▶ Data shown

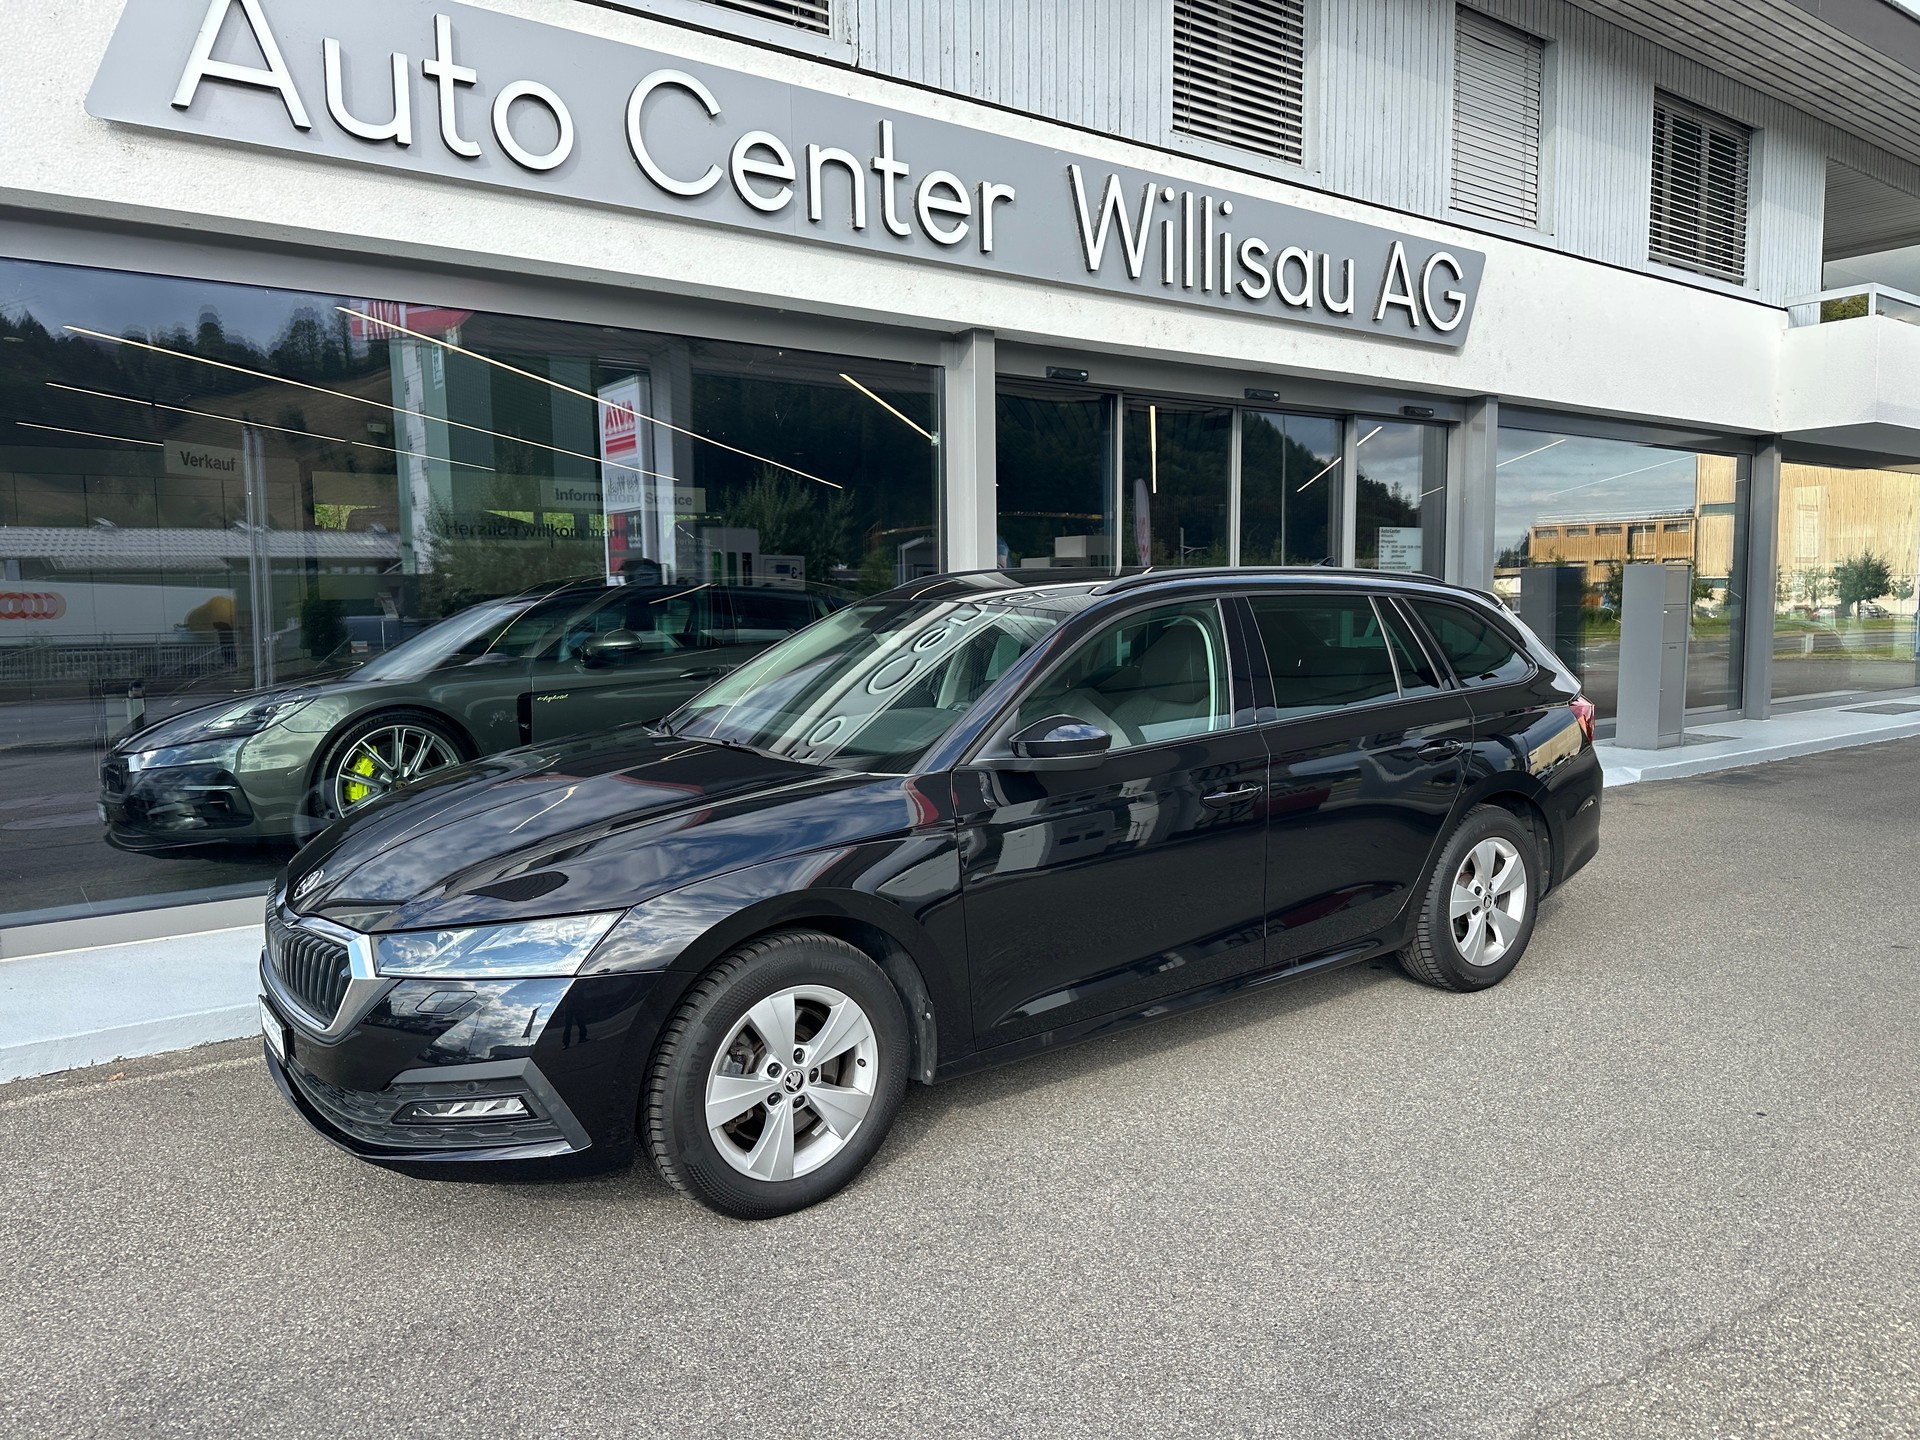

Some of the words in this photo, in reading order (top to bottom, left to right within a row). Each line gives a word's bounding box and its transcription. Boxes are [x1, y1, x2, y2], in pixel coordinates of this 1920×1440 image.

[171, 0, 574, 171] Auto
[624, 68, 1015, 254] Center
[1066, 163, 1355, 315] Willisau
[1372, 240, 1467, 333] AG
[180, 451, 236, 472] Verkauf
[555, 487, 635, 504] Information
[644, 492, 693, 506] Service

▶ Exercise objective
If the material above contains pictures, exclude them from an otherwise exact transcription.

▶ Worked solution
Some of the words in this photo, in reading order (top to bottom, left to right within a row). Each line gives a word's bounding box and its transcription. Boxes are [x1, y1, x2, y2], in pixel coordinates of this 1920×1440 image.

[171, 0, 574, 171] Auto
[624, 68, 1015, 254] Center
[1066, 163, 1355, 315] Willisau
[1372, 240, 1467, 333] AG
[180, 451, 236, 472] Verkauf
[555, 487, 635, 504] Information
[644, 492, 693, 506] Service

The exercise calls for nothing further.